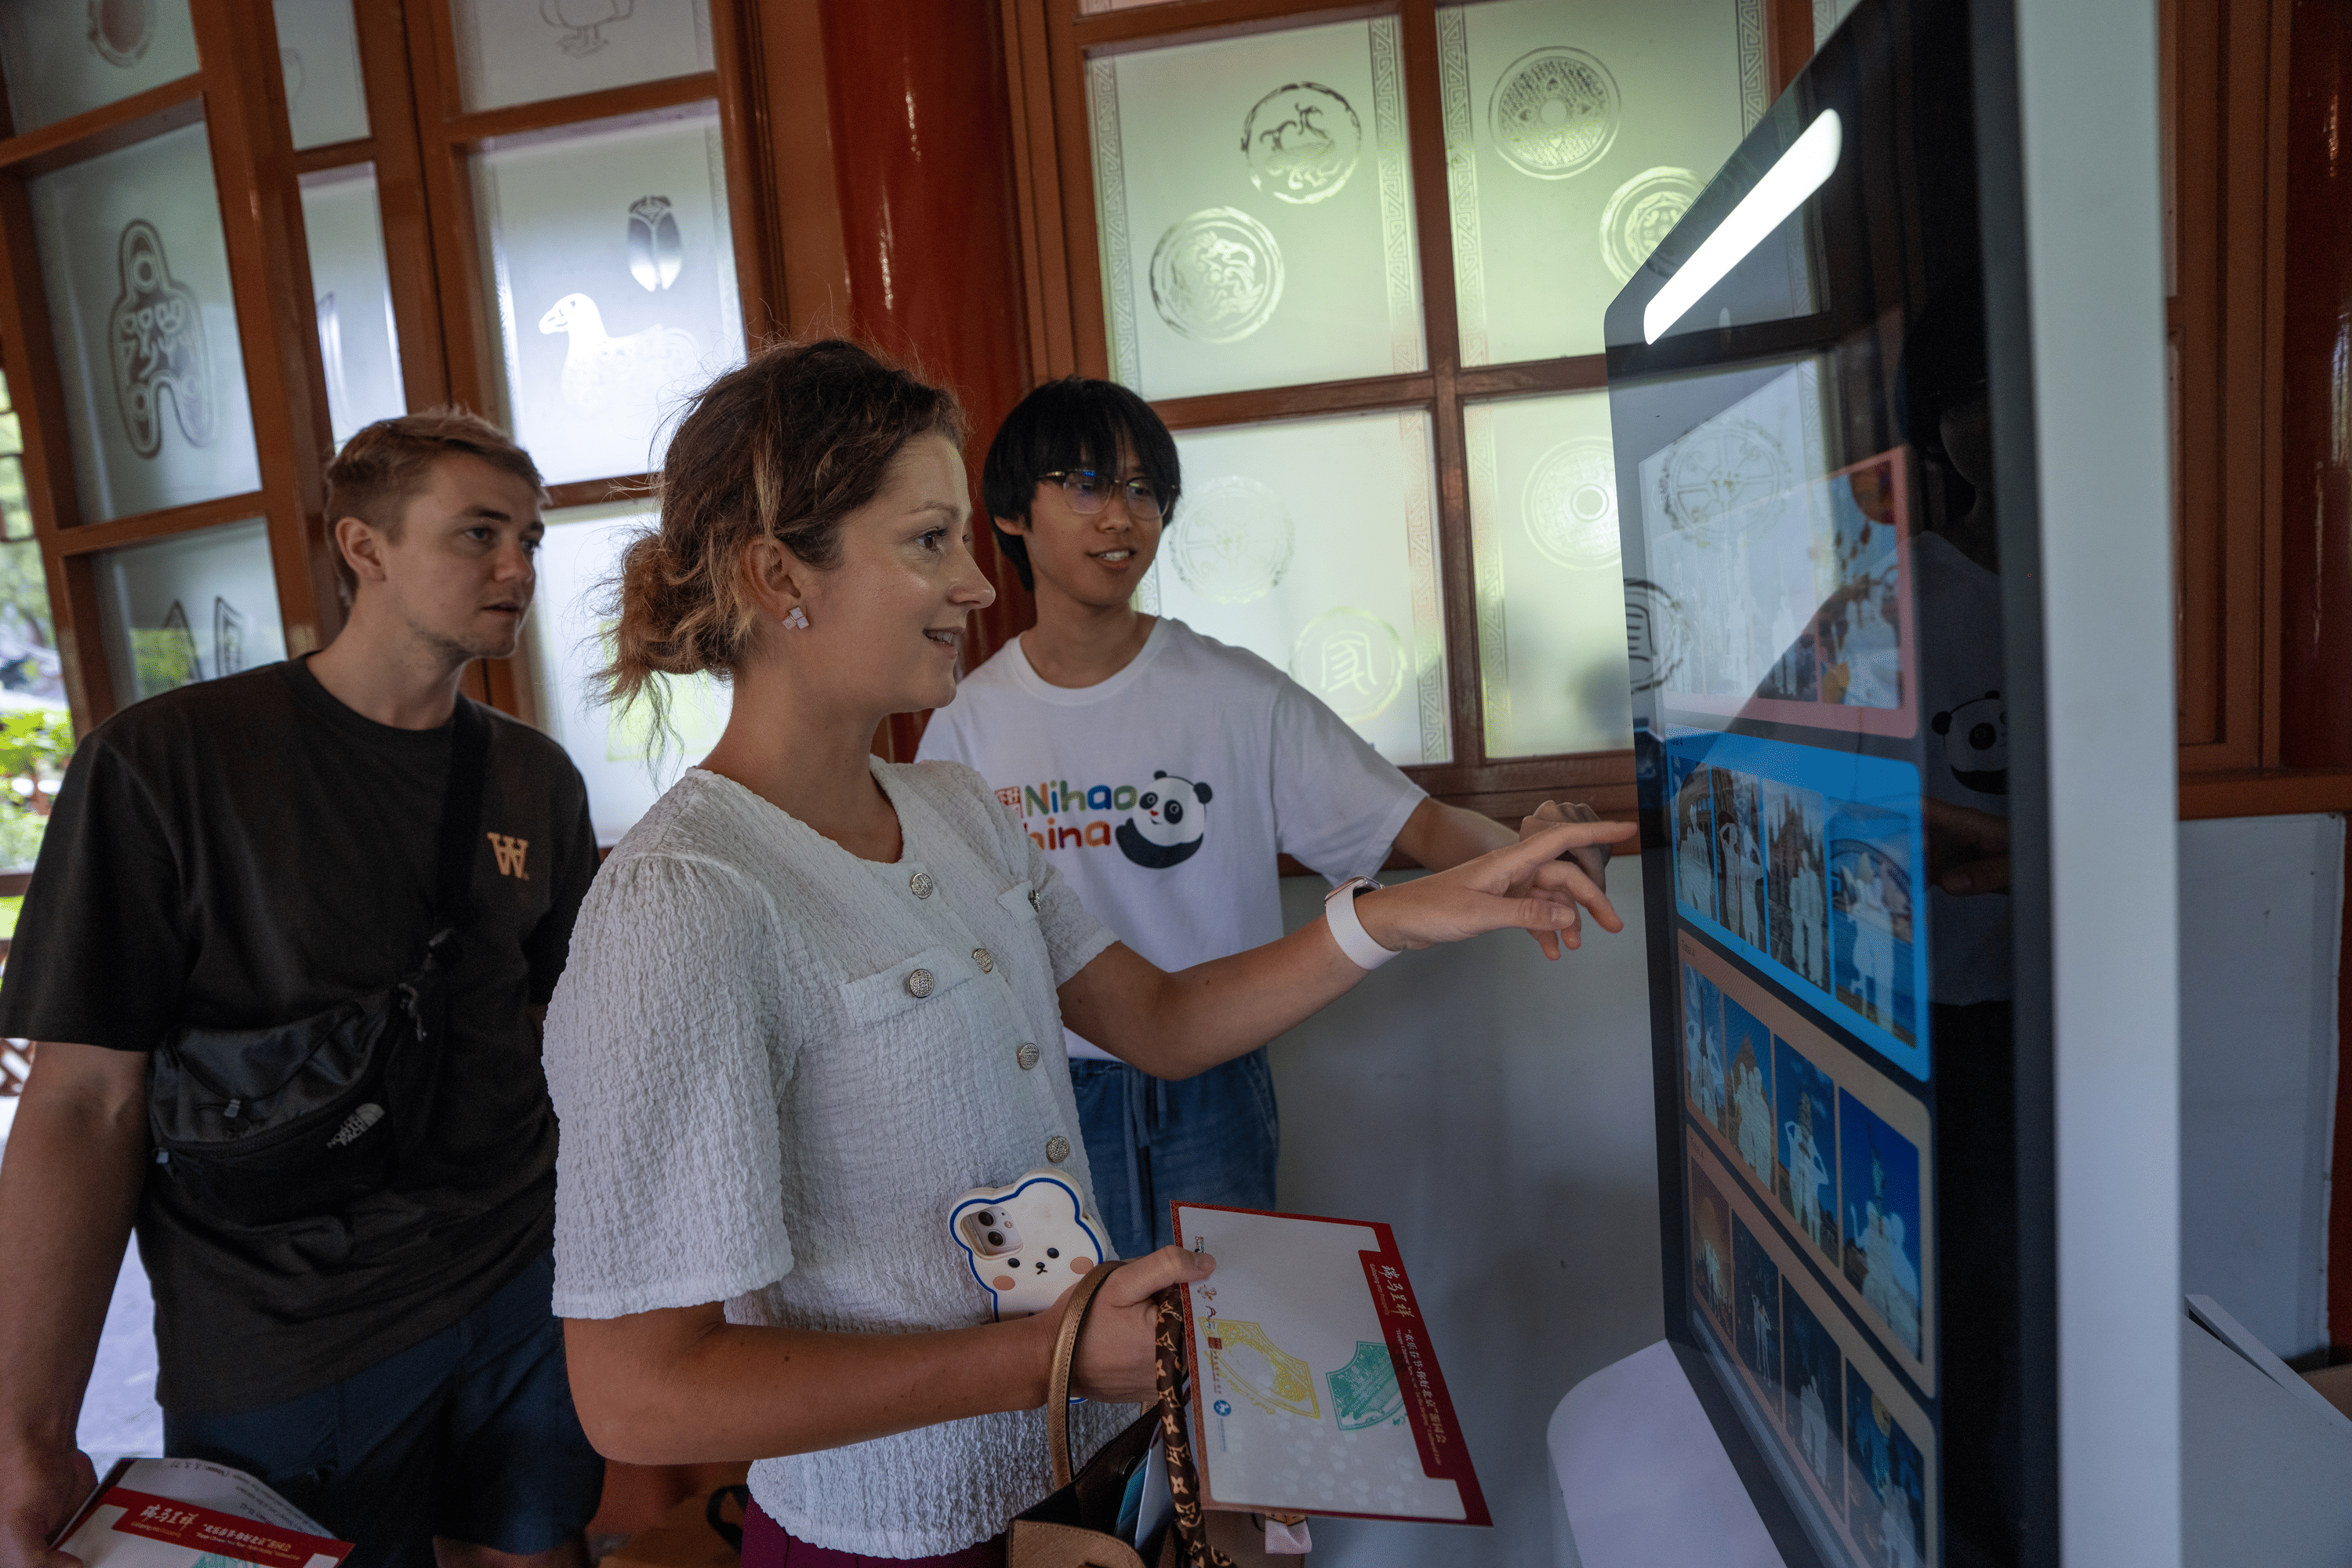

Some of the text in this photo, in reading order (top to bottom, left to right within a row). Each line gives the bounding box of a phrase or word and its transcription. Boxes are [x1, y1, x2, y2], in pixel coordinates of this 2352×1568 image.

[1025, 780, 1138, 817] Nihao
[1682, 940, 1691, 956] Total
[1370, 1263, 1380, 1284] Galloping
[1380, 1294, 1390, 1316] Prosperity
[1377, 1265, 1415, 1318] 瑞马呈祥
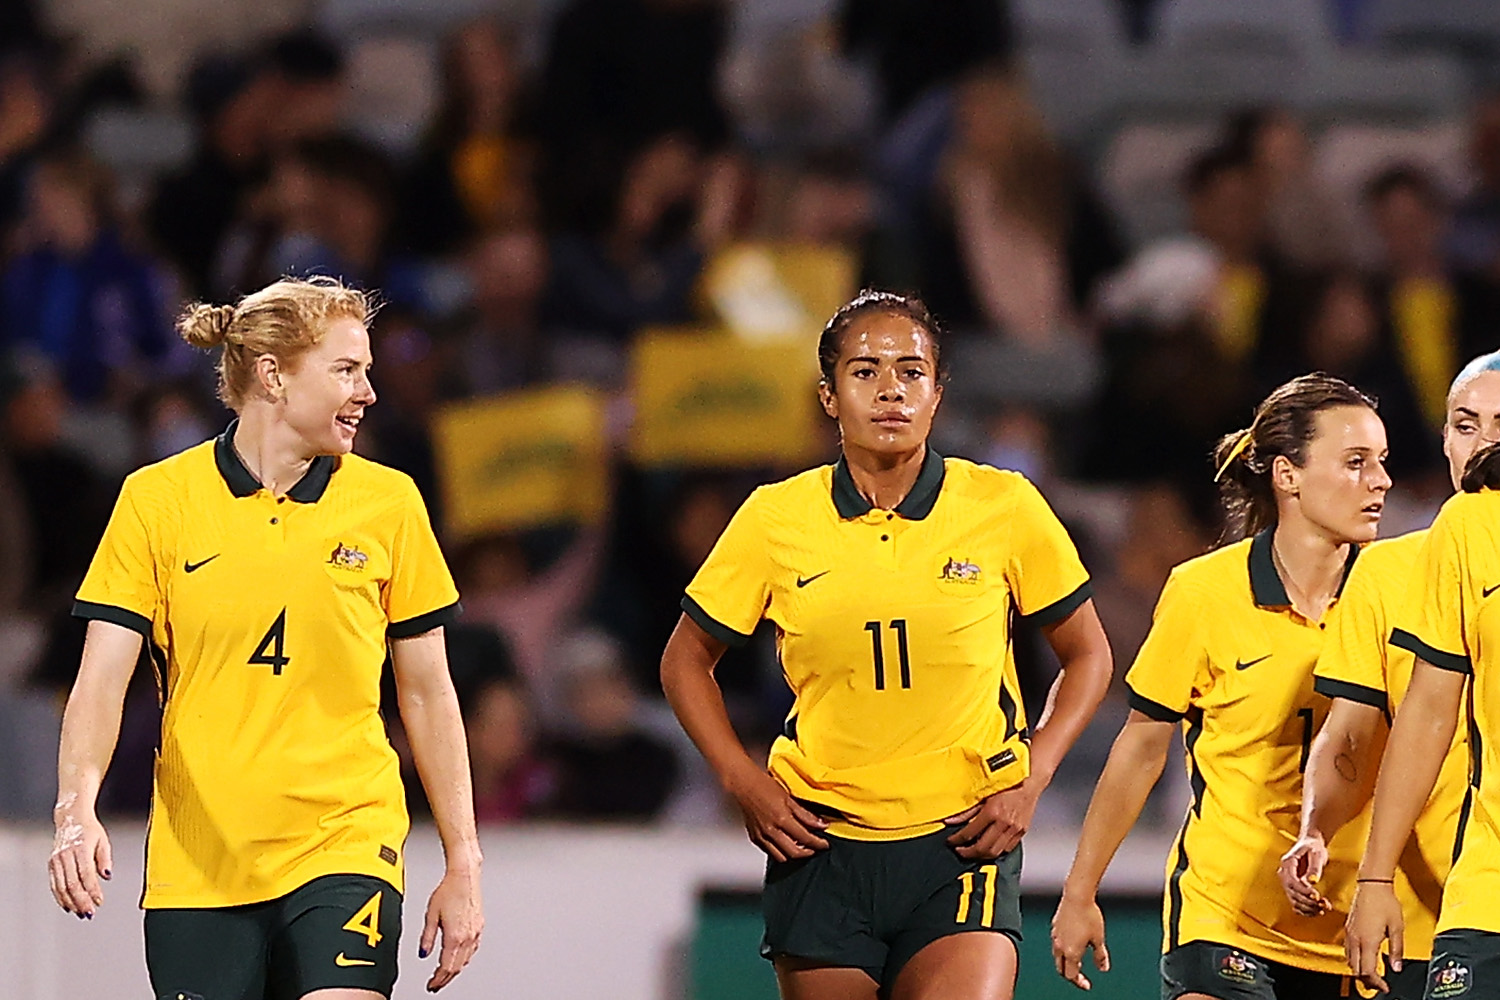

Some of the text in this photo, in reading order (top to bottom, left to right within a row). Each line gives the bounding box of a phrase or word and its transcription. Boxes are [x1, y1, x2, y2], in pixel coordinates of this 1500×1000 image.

Work instructions: Although the records contain pictures, the output must hold only their exact wording.

Solution to this problem:
Some of the text in this photo, in reading order (top to bottom, left to right within a row). Each line gives the bounding box of a phrase or word and its transcription. Boxes are [x1, y1, x2, y2], in pixel coordinates of this 2352×1568 image.

[1025, 780, 1138, 817] Nihao
[1682, 940, 1691, 956] Total
[1370, 1263, 1380, 1284] Galloping
[1380, 1294, 1390, 1316] Prosperity
[1377, 1265, 1415, 1318] 瑞马呈祥

Some of the text in this photo, in reading order (top to bottom, left to right within a row). Each line gives the bounding box of a phrase or word and its transcription. Boxes are [x1, y1, x2, y2], in pixel coordinates of this 1500×1000 image.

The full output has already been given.